In the residential sector, high unemployment has resulted in less potential purchasers in the market and an abundance of inventory. Until employment growth leads to economic growth, we believe transaction volume will remain low and values will remain fairly constant with a slight upward trend.

SUMMARY & CONCLUSION: VERY MODERATE PROGRESS DEEMED LIKELY FOR THE ECONOMY AND THE STOCK MARKET DURING THE NEXT FEW MONTHS

High unemployment is causing a reduction in general consumer spending and is also limiting the recovery in the housing industry. Additionally, international difficulties such as a potential decline in China’s rate of growth and the possibility of austerity measures being instituted in some European countries may prolong the current global slowdown. Low interest rates and tepid inflation are positive factors; however, economic growth in the United States over the next few quarters is not expected to develop at a rate that will significantly reduce our nation’s unemployment rate. As a result, price/earnings ratios are not expected to advance vigorously and a modest single digit gain is projected for the S&P 500 through the end of this year.

CLIENT REFERRALS

We greatly appreciate the referrals of new business that we continue to receive from our clients.

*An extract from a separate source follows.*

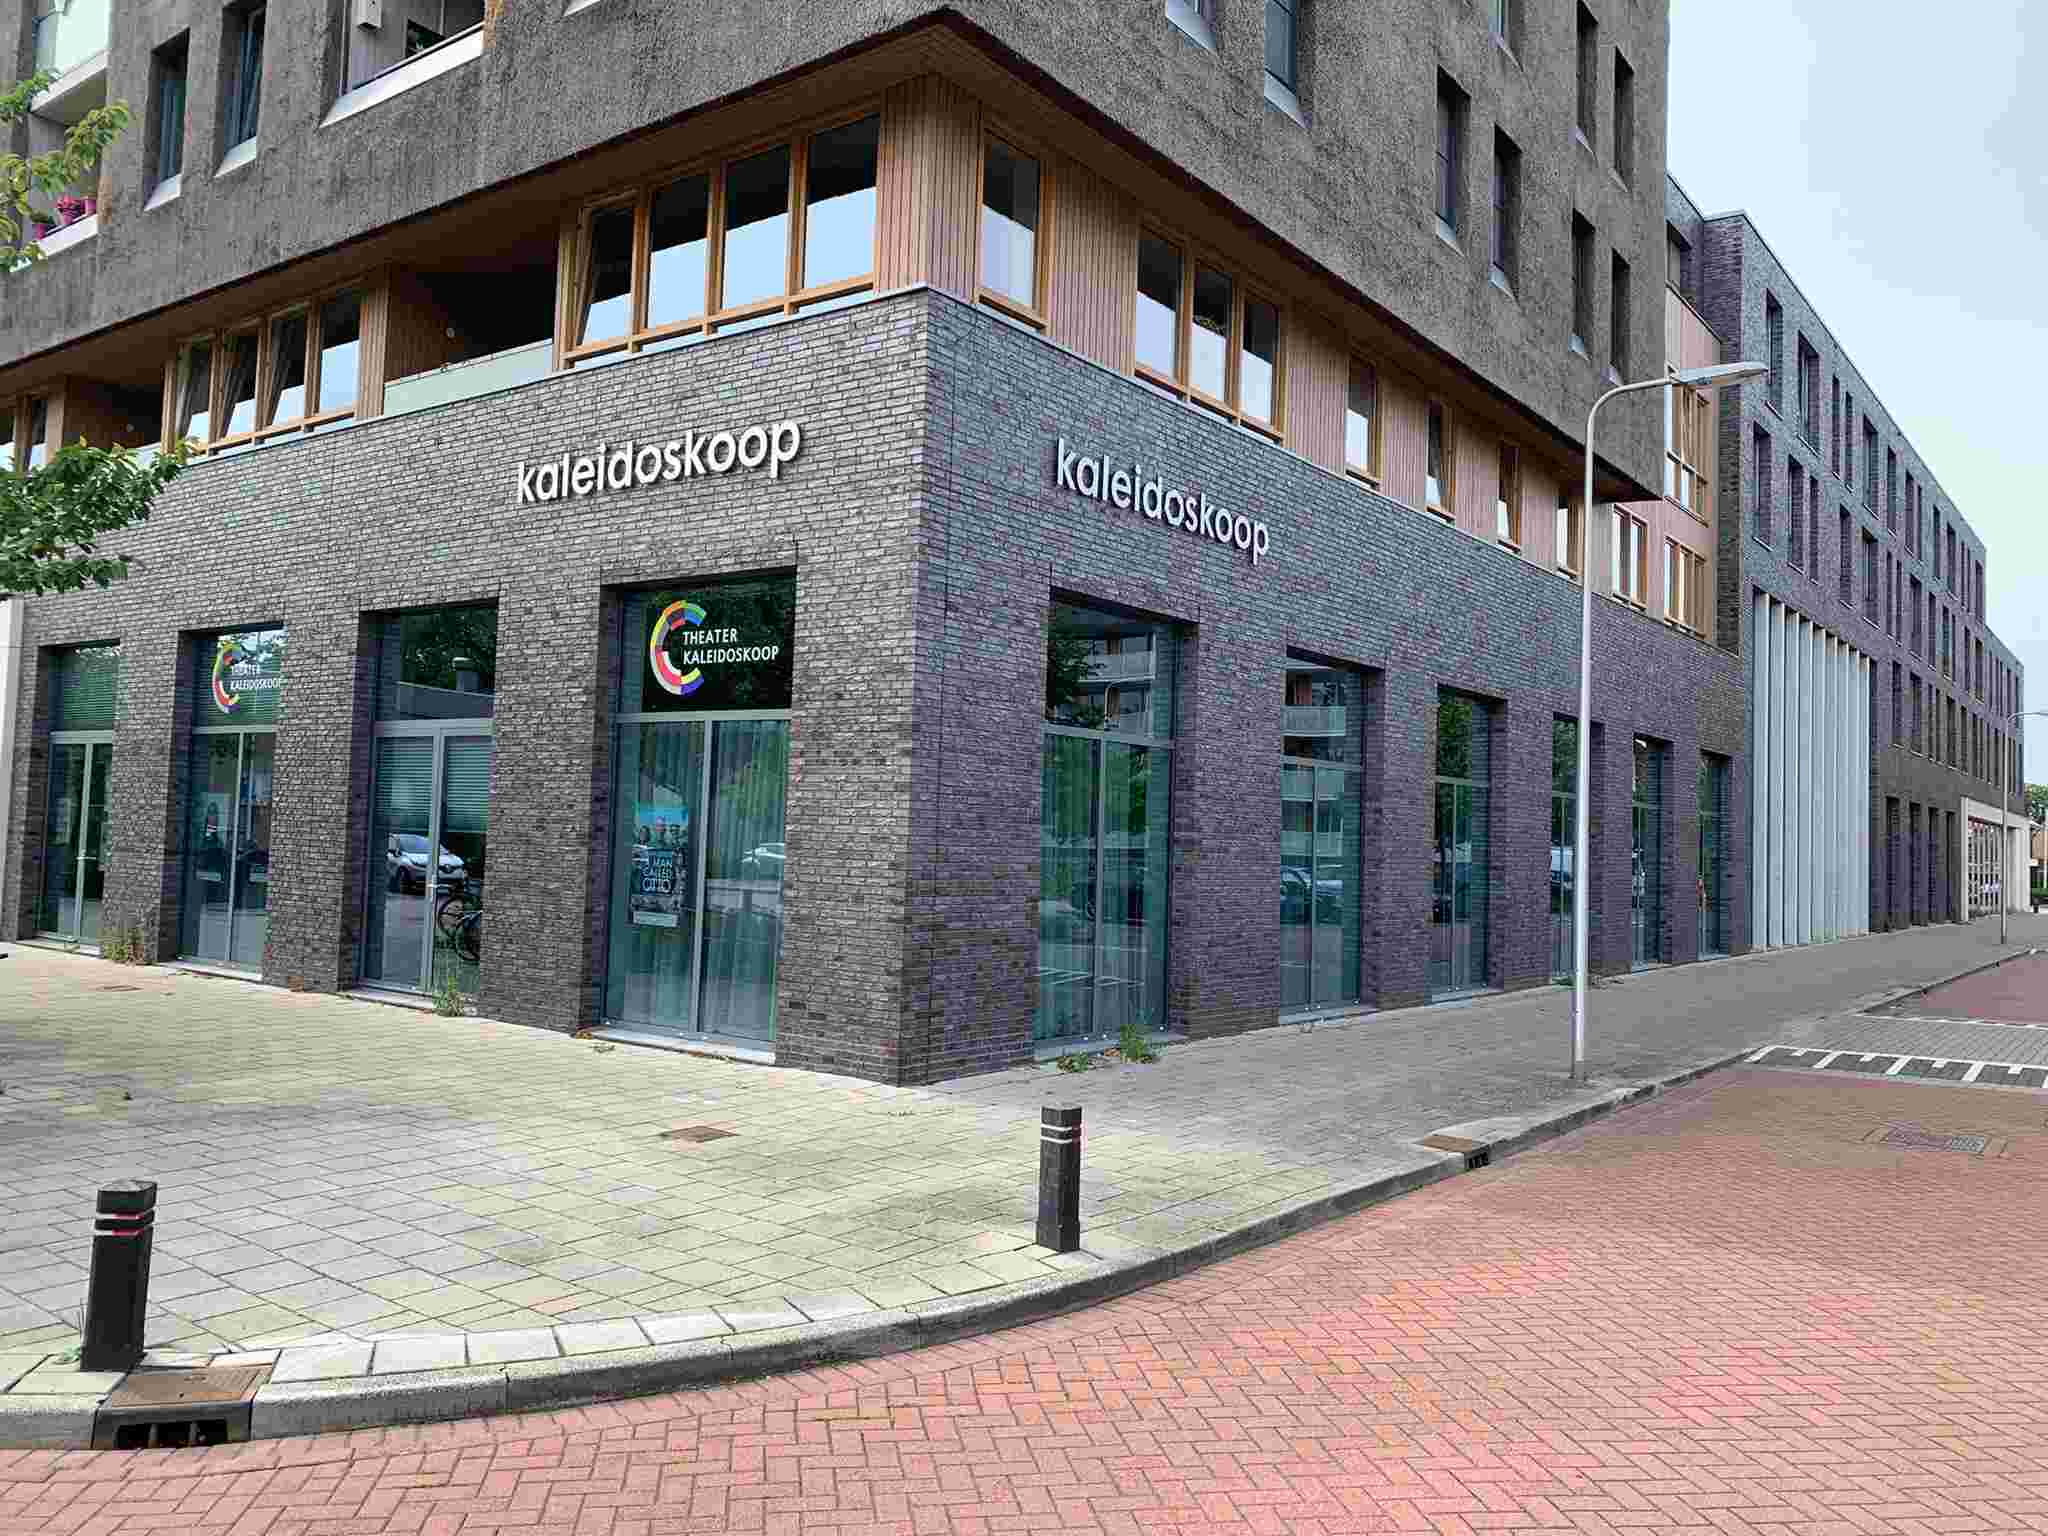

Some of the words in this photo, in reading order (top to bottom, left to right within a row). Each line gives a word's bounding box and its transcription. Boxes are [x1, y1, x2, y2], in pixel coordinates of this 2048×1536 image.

[517, 420, 802, 503] kaleidoskoop
[1056, 437, 1270, 566] kaleidoskoop
[682, 628, 738, 645] THEATER
[683, 645, 779, 665] KALEIDOSKOOP

"'Economic Outlook & Investment Perspective' is designed to serve as a regular forum for the discussion of pertinent economic and market issues that are of concern to individual investors. However, this newsletter is not, and under no circumstances is to be construed as giving financial or investment advice and/or as an offer to sell any securities. harold Davidson & Associates, Inc. and its officers and employees may have an interest in some or all of the investments, industries or securities, mentioned herein. The information set forth herein has been derived from sources believed to be reliable, but is not guaranteed as to accuracy and does not purport to be a complete analysis of the investment, industry or security involved."